Se quedaron pensando a quién mandar. Pero como hacía mal tiempo, casi todos los hombres estaban arreglando los caminos. El delineante que se había quedado en la sección técnica estaba rehaciendo el proyecto de trabajo correspondiente al mes de junio. Ya lo llevaban retrasado. Toda la gente estaba ocupada.
El jefe de las obras levantó la mirada hacia Valentina Gueorguiévna , y de repente le preguntó:
-¿Monta usted a caballo?
-¿Qué?
-No, qué va a montar a caballo usted – prosiguió, decepcionado-. Me figuré que en el ejército había aprendido.
-En el ejército siempre iba en camión. Iván Semiónovich siempre me dejaba subir a la cabina – y al decir estas palabras entornó significativamente los ojos.
-Pero ahora no hay manera de ir en camión. –El jefe de las obras miró por la ventana. -¿No podría usted ir andando hasta la aldea y enterarse de lo que necesitamos saber acerca de esta cantera? Pregunte a la gente del lugar o al presidente del koljós. ¿Eh?

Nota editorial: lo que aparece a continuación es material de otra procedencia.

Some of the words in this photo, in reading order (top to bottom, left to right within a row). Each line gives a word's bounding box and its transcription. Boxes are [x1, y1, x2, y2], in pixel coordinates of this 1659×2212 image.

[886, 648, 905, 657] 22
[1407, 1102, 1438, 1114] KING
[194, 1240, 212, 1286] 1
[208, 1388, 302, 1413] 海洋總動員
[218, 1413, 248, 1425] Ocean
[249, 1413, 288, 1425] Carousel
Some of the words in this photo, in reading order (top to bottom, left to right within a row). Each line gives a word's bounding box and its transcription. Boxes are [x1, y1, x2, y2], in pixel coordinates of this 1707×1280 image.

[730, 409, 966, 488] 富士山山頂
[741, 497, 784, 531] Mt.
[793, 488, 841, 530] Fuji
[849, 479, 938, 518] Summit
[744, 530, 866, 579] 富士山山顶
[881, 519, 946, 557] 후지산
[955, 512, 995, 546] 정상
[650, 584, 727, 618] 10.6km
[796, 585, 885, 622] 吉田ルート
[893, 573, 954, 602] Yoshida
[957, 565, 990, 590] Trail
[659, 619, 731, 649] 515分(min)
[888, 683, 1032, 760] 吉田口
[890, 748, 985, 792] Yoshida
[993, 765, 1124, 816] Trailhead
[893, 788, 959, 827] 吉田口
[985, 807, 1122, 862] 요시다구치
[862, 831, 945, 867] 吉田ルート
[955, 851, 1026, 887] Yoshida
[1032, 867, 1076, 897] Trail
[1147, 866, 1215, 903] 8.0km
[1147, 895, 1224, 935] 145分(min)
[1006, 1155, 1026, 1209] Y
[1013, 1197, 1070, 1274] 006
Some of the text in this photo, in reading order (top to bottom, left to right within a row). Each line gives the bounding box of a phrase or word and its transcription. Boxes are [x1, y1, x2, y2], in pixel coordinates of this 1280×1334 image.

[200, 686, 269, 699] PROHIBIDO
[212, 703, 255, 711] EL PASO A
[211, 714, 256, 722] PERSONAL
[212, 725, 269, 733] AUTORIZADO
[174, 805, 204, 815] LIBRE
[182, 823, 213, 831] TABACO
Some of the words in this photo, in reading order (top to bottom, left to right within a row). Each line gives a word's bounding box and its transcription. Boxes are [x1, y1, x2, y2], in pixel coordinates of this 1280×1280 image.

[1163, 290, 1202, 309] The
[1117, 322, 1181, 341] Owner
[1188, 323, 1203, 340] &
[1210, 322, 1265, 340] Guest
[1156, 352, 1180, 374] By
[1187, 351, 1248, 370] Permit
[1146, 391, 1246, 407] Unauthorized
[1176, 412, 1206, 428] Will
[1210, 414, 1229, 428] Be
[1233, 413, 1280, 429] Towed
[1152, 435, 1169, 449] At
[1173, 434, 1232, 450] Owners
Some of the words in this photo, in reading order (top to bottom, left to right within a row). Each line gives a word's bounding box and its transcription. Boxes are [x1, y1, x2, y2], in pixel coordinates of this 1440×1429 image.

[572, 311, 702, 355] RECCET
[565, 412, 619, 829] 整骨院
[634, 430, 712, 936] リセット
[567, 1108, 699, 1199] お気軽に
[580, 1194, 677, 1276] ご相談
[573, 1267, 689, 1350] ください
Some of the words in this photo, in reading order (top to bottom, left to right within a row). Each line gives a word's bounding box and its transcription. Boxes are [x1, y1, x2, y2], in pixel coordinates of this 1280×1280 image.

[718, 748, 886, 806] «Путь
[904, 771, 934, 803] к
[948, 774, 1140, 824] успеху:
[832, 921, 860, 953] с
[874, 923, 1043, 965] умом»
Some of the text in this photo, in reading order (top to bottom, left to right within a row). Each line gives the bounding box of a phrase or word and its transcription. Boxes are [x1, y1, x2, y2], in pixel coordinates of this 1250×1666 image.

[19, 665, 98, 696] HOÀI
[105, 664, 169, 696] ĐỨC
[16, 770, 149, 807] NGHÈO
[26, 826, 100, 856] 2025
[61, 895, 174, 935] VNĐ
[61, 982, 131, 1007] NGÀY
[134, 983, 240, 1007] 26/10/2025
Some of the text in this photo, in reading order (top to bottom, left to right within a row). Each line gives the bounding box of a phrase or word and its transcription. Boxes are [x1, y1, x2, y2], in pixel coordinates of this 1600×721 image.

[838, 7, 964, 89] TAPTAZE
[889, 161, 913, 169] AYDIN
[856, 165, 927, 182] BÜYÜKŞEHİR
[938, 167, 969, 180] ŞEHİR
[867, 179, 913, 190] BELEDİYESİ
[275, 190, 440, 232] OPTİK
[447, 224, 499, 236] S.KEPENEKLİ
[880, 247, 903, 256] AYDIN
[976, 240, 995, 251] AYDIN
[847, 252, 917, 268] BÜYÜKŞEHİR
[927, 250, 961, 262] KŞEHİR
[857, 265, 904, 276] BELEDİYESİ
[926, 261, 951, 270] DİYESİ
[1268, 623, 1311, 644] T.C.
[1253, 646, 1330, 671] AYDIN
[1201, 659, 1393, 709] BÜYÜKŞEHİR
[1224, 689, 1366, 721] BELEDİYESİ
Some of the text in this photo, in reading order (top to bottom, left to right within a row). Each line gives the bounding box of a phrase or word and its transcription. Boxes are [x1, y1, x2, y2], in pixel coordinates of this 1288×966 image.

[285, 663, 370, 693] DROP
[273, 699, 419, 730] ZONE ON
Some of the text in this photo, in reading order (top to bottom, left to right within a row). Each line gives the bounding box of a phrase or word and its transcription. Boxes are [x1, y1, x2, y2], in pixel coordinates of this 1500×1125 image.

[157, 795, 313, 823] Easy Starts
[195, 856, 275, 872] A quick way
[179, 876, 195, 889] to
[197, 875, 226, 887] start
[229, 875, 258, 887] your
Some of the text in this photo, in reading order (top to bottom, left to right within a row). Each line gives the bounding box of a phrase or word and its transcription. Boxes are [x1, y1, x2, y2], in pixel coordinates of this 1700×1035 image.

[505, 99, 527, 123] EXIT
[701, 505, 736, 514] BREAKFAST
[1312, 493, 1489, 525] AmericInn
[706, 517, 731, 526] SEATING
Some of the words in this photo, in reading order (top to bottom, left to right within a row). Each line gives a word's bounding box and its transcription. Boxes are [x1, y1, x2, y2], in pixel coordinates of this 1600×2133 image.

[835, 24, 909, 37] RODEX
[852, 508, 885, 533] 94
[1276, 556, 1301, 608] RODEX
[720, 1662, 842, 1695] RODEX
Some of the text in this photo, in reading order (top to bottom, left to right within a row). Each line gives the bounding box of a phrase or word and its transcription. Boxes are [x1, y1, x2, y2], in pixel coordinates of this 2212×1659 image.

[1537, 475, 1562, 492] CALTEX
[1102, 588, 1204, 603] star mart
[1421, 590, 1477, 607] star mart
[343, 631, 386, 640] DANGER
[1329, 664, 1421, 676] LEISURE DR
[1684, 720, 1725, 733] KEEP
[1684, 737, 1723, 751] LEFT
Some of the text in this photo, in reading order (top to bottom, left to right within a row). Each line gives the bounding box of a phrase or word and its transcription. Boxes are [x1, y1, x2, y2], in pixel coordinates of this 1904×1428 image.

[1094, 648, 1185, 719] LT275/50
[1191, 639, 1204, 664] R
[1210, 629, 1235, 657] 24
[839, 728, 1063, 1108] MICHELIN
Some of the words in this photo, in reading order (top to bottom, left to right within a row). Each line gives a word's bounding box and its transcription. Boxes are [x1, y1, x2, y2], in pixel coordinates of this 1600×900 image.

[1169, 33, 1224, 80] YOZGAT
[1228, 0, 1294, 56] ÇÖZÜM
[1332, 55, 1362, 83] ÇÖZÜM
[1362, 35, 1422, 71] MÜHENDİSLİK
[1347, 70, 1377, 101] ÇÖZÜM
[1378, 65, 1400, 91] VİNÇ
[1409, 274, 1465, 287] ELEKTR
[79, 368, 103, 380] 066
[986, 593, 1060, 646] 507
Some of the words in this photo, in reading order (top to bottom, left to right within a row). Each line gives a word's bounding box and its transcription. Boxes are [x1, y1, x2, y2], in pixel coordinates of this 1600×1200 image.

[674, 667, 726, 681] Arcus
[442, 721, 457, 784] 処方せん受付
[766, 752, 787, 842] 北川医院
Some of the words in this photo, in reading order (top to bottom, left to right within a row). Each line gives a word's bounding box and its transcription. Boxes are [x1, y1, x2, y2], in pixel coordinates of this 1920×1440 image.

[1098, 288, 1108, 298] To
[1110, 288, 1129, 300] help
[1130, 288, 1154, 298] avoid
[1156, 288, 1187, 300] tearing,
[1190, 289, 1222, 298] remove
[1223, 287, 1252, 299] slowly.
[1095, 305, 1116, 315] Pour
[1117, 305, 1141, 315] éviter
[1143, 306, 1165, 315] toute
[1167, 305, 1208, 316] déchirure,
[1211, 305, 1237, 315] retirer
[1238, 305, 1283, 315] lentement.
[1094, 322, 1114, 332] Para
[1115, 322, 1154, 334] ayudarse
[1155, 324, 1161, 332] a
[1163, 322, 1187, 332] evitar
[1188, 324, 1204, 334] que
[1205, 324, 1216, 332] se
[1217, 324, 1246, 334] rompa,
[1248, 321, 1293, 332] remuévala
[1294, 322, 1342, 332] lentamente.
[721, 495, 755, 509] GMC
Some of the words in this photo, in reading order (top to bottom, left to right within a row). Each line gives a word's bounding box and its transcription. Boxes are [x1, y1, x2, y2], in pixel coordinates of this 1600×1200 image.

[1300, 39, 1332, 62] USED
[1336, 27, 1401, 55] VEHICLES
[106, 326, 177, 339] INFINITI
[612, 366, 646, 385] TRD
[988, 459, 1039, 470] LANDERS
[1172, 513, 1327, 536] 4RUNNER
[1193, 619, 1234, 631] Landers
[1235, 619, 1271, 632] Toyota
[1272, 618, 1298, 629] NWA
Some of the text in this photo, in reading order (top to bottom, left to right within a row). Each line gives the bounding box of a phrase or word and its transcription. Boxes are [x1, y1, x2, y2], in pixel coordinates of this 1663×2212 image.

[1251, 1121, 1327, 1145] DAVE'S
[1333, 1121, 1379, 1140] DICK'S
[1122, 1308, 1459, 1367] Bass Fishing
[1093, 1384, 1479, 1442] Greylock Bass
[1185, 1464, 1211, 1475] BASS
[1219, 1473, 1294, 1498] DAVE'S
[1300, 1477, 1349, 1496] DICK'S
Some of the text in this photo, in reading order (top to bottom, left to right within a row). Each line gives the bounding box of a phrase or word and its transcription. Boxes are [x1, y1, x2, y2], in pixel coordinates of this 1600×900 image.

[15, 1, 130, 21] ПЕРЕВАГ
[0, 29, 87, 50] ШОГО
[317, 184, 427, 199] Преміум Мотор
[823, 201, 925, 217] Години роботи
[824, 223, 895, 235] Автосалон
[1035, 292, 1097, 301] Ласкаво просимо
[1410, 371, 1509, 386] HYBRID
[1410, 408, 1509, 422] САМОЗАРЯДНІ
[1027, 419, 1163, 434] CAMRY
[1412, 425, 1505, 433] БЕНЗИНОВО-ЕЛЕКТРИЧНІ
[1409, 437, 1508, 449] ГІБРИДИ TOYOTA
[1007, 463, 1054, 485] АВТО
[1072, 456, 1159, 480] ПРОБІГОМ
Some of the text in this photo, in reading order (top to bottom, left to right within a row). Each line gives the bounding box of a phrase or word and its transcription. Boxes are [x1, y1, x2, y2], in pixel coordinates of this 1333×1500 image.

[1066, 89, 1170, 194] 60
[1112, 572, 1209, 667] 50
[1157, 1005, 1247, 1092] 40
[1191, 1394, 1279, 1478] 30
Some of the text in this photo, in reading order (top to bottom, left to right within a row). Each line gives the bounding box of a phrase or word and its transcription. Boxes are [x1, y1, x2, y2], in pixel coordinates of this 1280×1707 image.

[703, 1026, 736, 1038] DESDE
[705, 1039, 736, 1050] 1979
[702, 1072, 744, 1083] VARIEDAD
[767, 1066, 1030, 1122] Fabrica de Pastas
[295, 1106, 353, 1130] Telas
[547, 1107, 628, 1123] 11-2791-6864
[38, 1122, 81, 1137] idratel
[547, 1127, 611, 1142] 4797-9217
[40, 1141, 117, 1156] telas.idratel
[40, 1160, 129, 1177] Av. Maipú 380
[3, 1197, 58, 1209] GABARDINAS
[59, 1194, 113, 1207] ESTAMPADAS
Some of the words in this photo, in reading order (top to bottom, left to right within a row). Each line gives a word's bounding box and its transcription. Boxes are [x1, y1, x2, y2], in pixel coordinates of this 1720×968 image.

-Está bien - respondió Valentina Gueorguiévna, pensando que si los ingenieros se habían puesto a arreglar caminos, bien podía ella hacer de ordenanza.
-Pero usted tendrá que ir andando.
-Naturalmente.
Pasó a la sala de espera, escuchó el ruido de la lluvia, se calzó las botas altas de agua, se vistió elleve abrigo, se levantó el cuello, tomó el parguas y se dispuso a salir.
- Valentina Gueorguiévna – dijo el jefe.
Ella se volvió ligeramente, evitando encontrar su mirada.
-¿Piensa usted ir de este modo?
-¿Cómo quiere usted que vaya?
-Quedará empapada como una esponja. Espere.
Sacó de su despacho un gran impermeable de lona dura, con botones de uniforme militar y un número de varias cifras estampado con tinta roja en el pliegue. Olía a tabaco.
-Póngaselo –dijo Nepeivoda abriendo el impermeable.
Resultó grande,incluso para una mujer alta como Valentina Gueorguiévna. El jefe de las obras se lo abrochó de arriba a abajo, le dobló las mangas y le caló la endurecida capucha.
-Ahora va bien. Y deje el paraguas... Si en la aldea no están enterados, lléguese hasta la otra. Espero que tenga éxito.
Valentina Gueorguiévna se metió en el bolsillo el emparedado que había traído para desayunarse, envuelto en un papel fino, y salió.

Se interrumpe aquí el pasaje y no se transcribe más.